Há QUEM NãO GOSTE DO CAPITãO DA ALEMANHA. MOTIVO: AS RAíZES TURCAS QUE ILKAY GüNDOğAN REJEITA ESQUECER

O médio do Barcelona é o primeiro jogador descendente de imigrantes a usar a braçadeira da seleção da Alemanha numa grande competição. A mesma sondagem em que 21% dos inquiridos disse desejar que a Mannschaft tivesse mais jogadores brancos na equipa divulgou também que 17% dos participantes no inquérito preferiam não ter um capitão de origem turca. “Podemos parecer diferentes, mas também somos alemães”, defende-se o jogador, que volta a liderar a seleção este sábado (20h, TVI), contra a Dinamarca, nos oitavos de final do Europeu

Irfan e Ayten moravam na Alemanha quando Ilkay nasceu. O casal de origem turca acreditava que seria útil para os dois filhos crescerem a dominar duas línguas. Era uma maneira prática que os mais novos membros da família tinham para se integrarem na comunidade onde viviam, em Gelsenkirchen, e, ao mesmo tempo, manterem alguma ligação com a cultura dos pais.

Os irmãos, Ilkay e Ilker, tornaram-se poliglotas, mas, entre eles, tinham o alemão como forma de expressão preferencial.
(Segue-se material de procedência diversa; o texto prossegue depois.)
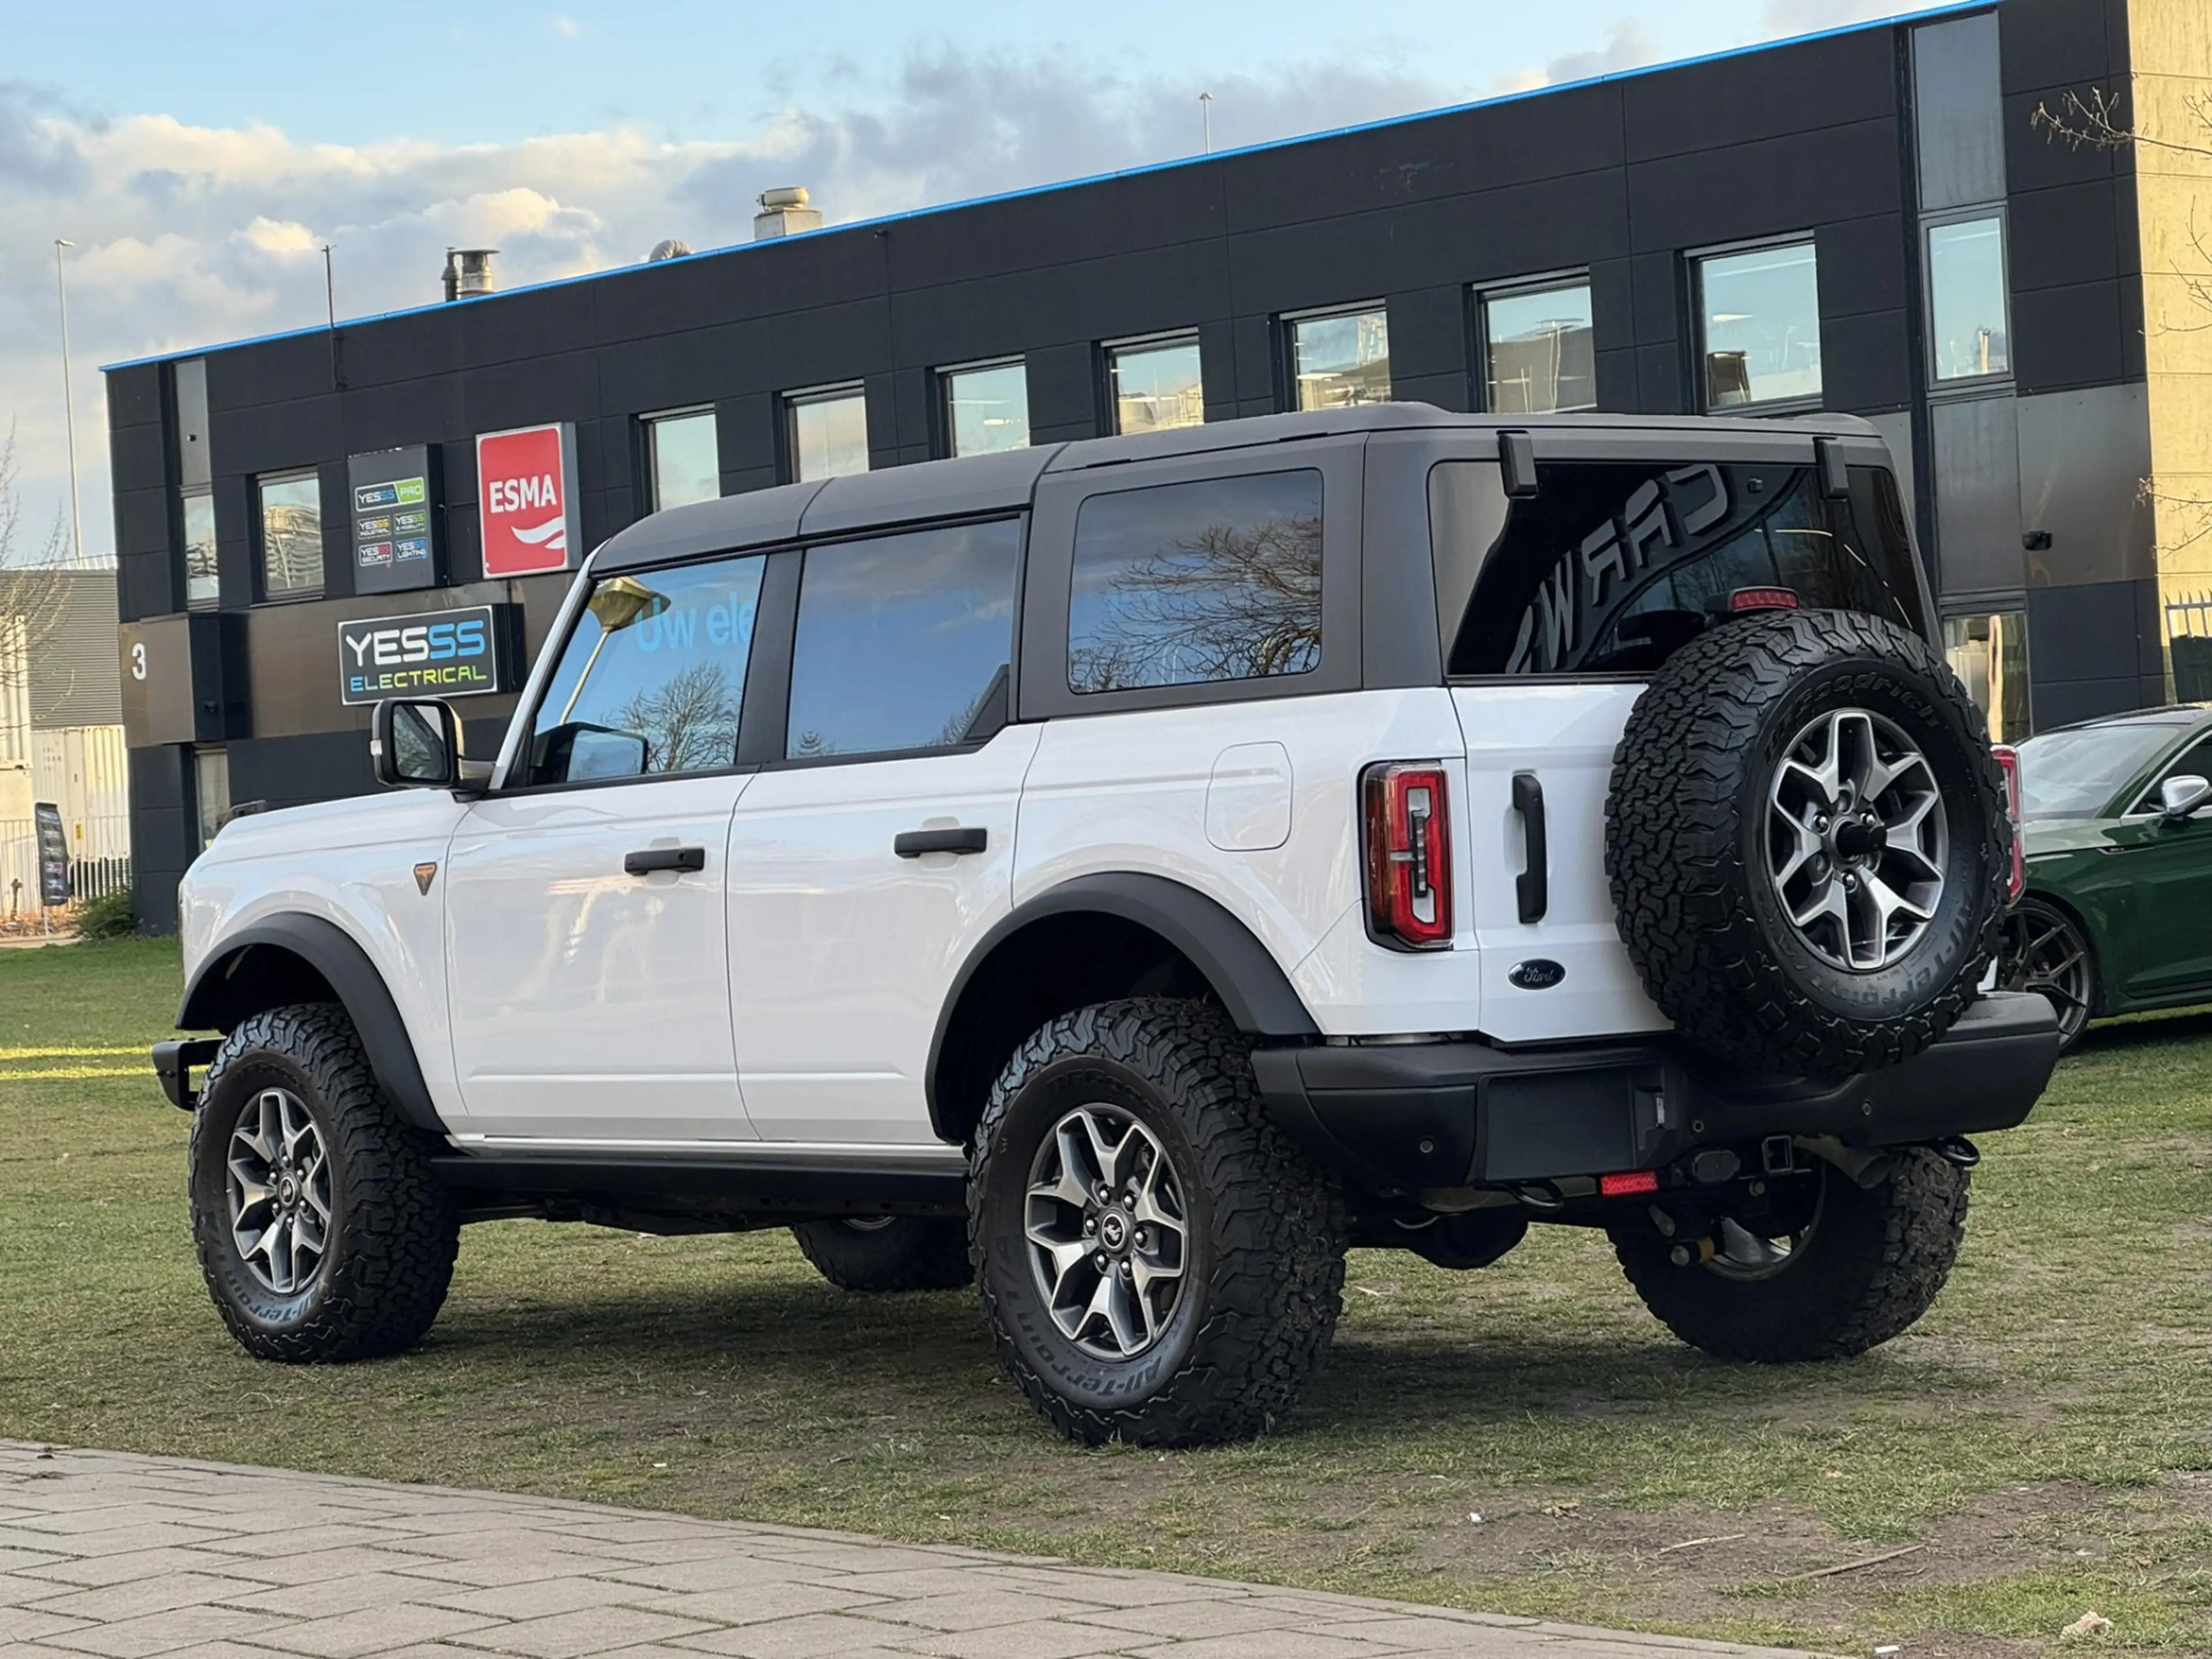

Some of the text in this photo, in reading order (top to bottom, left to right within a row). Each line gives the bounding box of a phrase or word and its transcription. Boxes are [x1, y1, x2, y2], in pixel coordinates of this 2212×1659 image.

Numas férias na Turquia, os pais levaram-nos a uma loja de camisolas de futebol. Ali, não havia valores nas etiquetas. A astúcia financeira dos comerciantes ditava que os preços fossem mais caros para os turistas do que para os habitantes locais. Durante o regatear do montante a ceder, por lapso, Ilkay dirigiu-se a Ilker em alemão. Imediatamente, as camisolas passaram a custar o dobro.

Assim como os Gündoğan, outras famílias se imiscuíram na comunidade de Gelsenkirchen. Nas ruas, os campos improvisados eram retalhos de nacionalidades. As equipas para os jogos de futebol eram compostas por turcos, árabes e asiáticos.

Entre eles estava o futuro capitão do país que os uniu.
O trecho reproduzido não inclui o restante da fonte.